[Phrase grounding data]
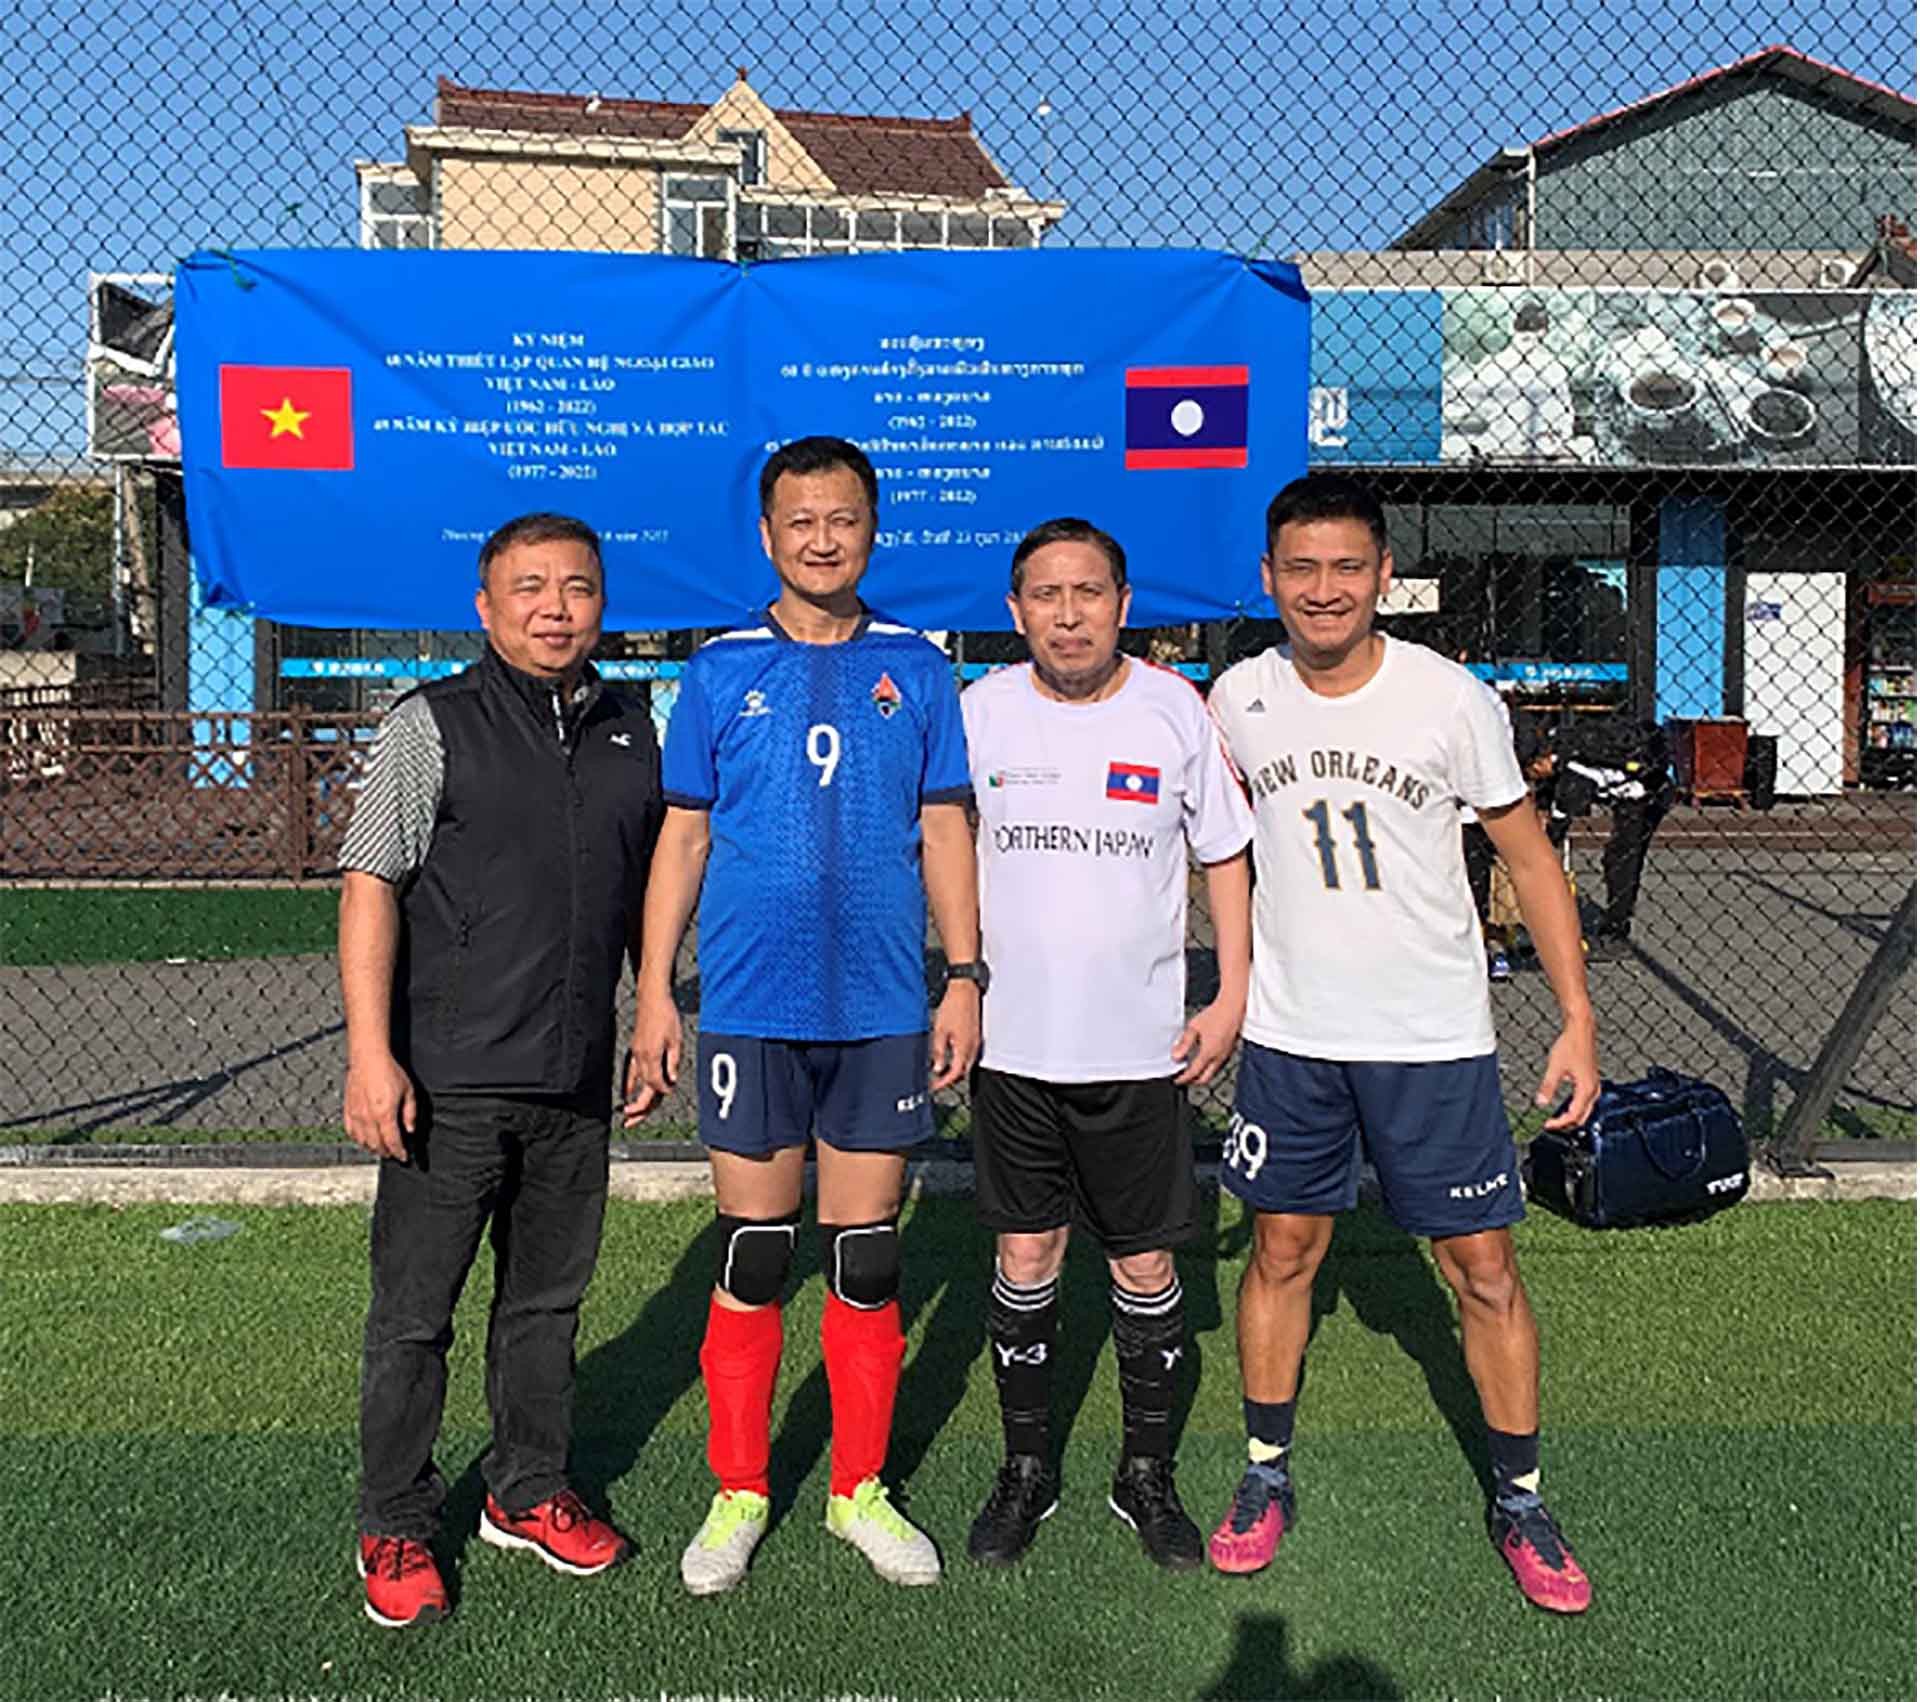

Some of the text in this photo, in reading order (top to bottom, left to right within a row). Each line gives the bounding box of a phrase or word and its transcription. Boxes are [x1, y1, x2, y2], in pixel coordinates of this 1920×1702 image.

[529, 378, 567, 391] NAM
[806, 724, 840, 788] 9
[1311, 750, 1430, 811] ORLEANS
[1302, 799, 1384, 892] 11
[711, 1052, 736, 1120] 9
[995, 1342, 1048, 1367] Y-3
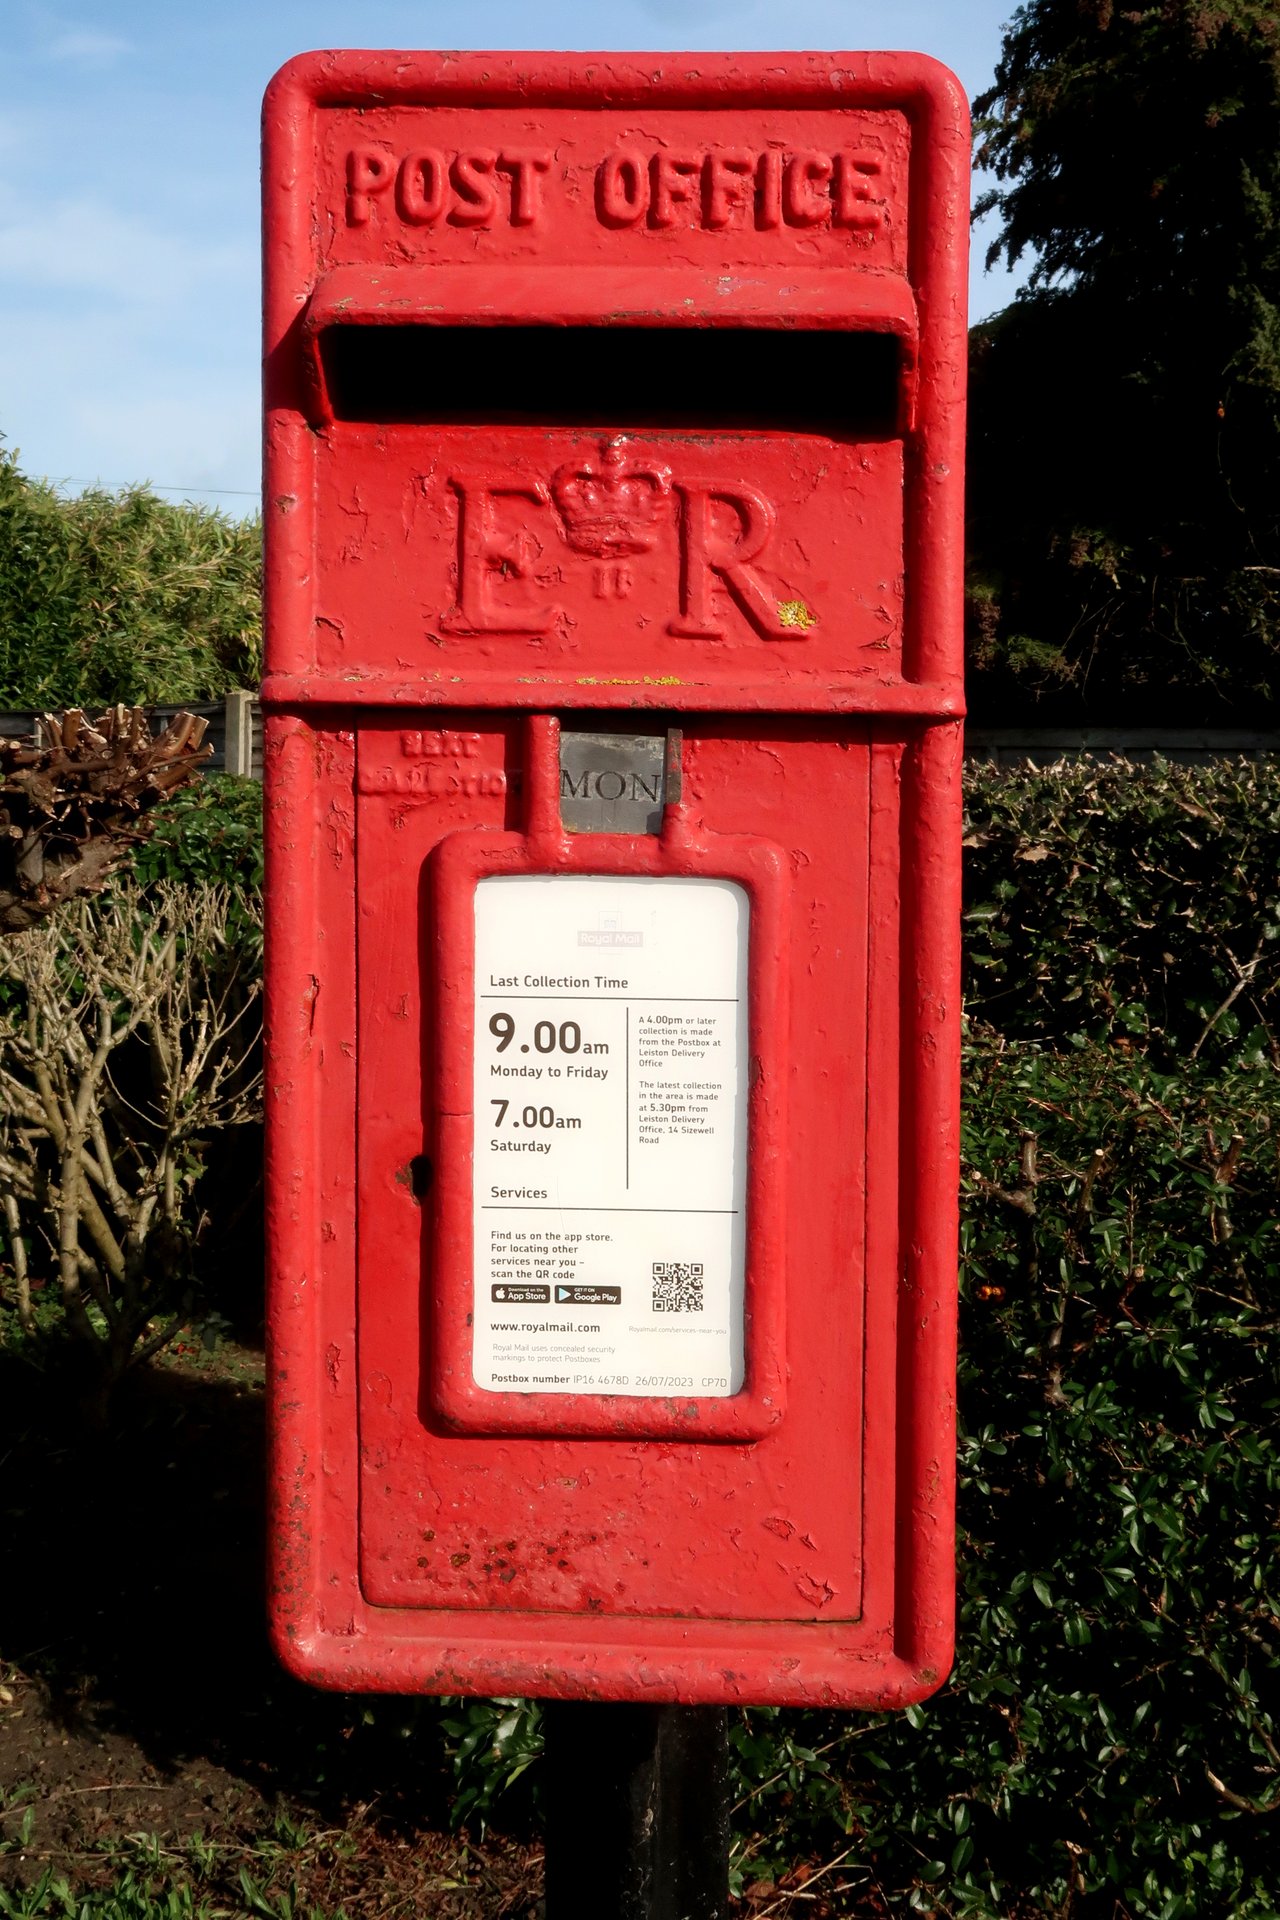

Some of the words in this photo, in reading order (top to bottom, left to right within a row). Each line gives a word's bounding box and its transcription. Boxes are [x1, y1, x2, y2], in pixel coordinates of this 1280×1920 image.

[346, 147, 550, 228] POST
[596, 147, 884, 231] OFFICE
[439, 475, 570, 637] E
[667, 477, 812, 641] R
[560, 768, 661, 802] MON
[580, 932, 612, 945] Royal
[615, 933, 641, 945] Mail
[491, 975, 519, 986] Last
[524, 975, 589, 987] Collection
[594, 976, 628, 988] Time
[647, 1016, 682, 1025] 4.00pm
[489, 1013, 608, 1054] 9.00am
[672, 1049, 705, 1058] Delivery
[491, 1065, 542, 1079] Monday
[548, 1067, 561, 1077] to
[567, 1066, 608, 1080] Friday
[651, 1103, 685, 1113] 5.30pm
[491, 1100, 581, 1128] 7.00am
[672, 1116, 704, 1124] Delivery
[491, 1140, 551, 1154] Saturday
[491, 1186, 547, 1198] Services
[492, 1231, 511, 1239] Find
[545, 1232, 560, 1240] the
[565, 1234, 582, 1242] app
[492, 1244, 507, 1252] For
[510, 1244, 548, 1254] locating
[552, 1245, 578, 1253] other
[517, 1270, 532, 1278] the
[536, 1270, 549, 1278] QR
[553, 1271, 574, 1279] code
[508, 1292, 524, 1301] App
[574, 1293, 600, 1302] Google
[602, 1294, 617, 1302] Play
[491, 1323, 600, 1333] www.royalmail.com
[493, 1344, 512, 1352] Royal
[565, 1355, 600, 1363] Postboxes
[492, 1374, 529, 1382] Postbox
[533, 1375, 570, 1383] number
[573, 1375, 594, 1384] IP16
[598, 1376, 629, 1385] 4678D
[636, 1376, 693, 1386] 26/07/2023
[702, 1378, 727, 1387] CP7D

▶ WORK TASK:
Pictures stay out; copy every entry above exactly.

▶ COMPLETED EXERCISE:
Some of the text in this photo, in reading order (top to bottom, left to right within a row). Each line gives the bounding box of a phrase or word and its transcription. Boxes are [x1, y1, x2, y2], in pixel coordinates of this 1920×1702 image.

[529, 378, 567, 391] NAM
[806, 724, 840, 788] 9
[1311, 750, 1430, 811] ORLEANS
[1302, 799, 1384, 892] 11
[711, 1052, 736, 1120] 9
[995, 1342, 1048, 1367] Y-3

Some of the words in this photo, in reading order (top to bottom, left to right within a row). Each line gives a word's bounding box and its transcription. Boxes are [x1, y1, x2, y2], in pixel coordinates of this 1280×1920 image.

[346, 147, 550, 228] POST
[596, 147, 884, 231] OFFICE
[439, 475, 570, 637] E
[667, 477, 812, 641] R
[560, 768, 661, 802] MON
[580, 932, 612, 945] Royal
[615, 933, 641, 945] Mail
[491, 975, 519, 986] Last
[524, 975, 589, 987] Collection
[594, 976, 628, 988] Time
[647, 1016, 682, 1025] 4.00pm
[489, 1013, 608, 1054] 9.00am
[672, 1049, 705, 1058] Delivery
[491, 1065, 542, 1079] Monday
[548, 1067, 561, 1077] to
[567, 1066, 608, 1080] Friday
[651, 1103, 685, 1113] 5.30pm
[491, 1100, 581, 1128] 7.00am
[672, 1116, 704, 1124] Delivery
[491, 1140, 551, 1154] Saturday
[491, 1186, 547, 1198] Services
[492, 1231, 511, 1239] Find
[545, 1232, 560, 1240] the
[565, 1234, 582, 1242] app
[492, 1244, 507, 1252] For
[510, 1244, 548, 1254] locating
[552, 1245, 578, 1253] other
[517, 1270, 532, 1278] the
[536, 1270, 549, 1278] QR
[553, 1271, 574, 1279] code
[508, 1292, 524, 1301] App
[574, 1293, 600, 1302] Google
[602, 1294, 617, 1302] Play
[491, 1323, 600, 1333] www.royalmail.com
[493, 1344, 512, 1352] Royal
[565, 1355, 600, 1363] Postboxes
[492, 1374, 529, 1382] Postbox
[533, 1375, 570, 1383] number
[573, 1375, 594, 1384] IP16
[598, 1376, 629, 1385] 4678D
[636, 1376, 693, 1386] 26/07/2023
[702, 1378, 727, 1387] CP7D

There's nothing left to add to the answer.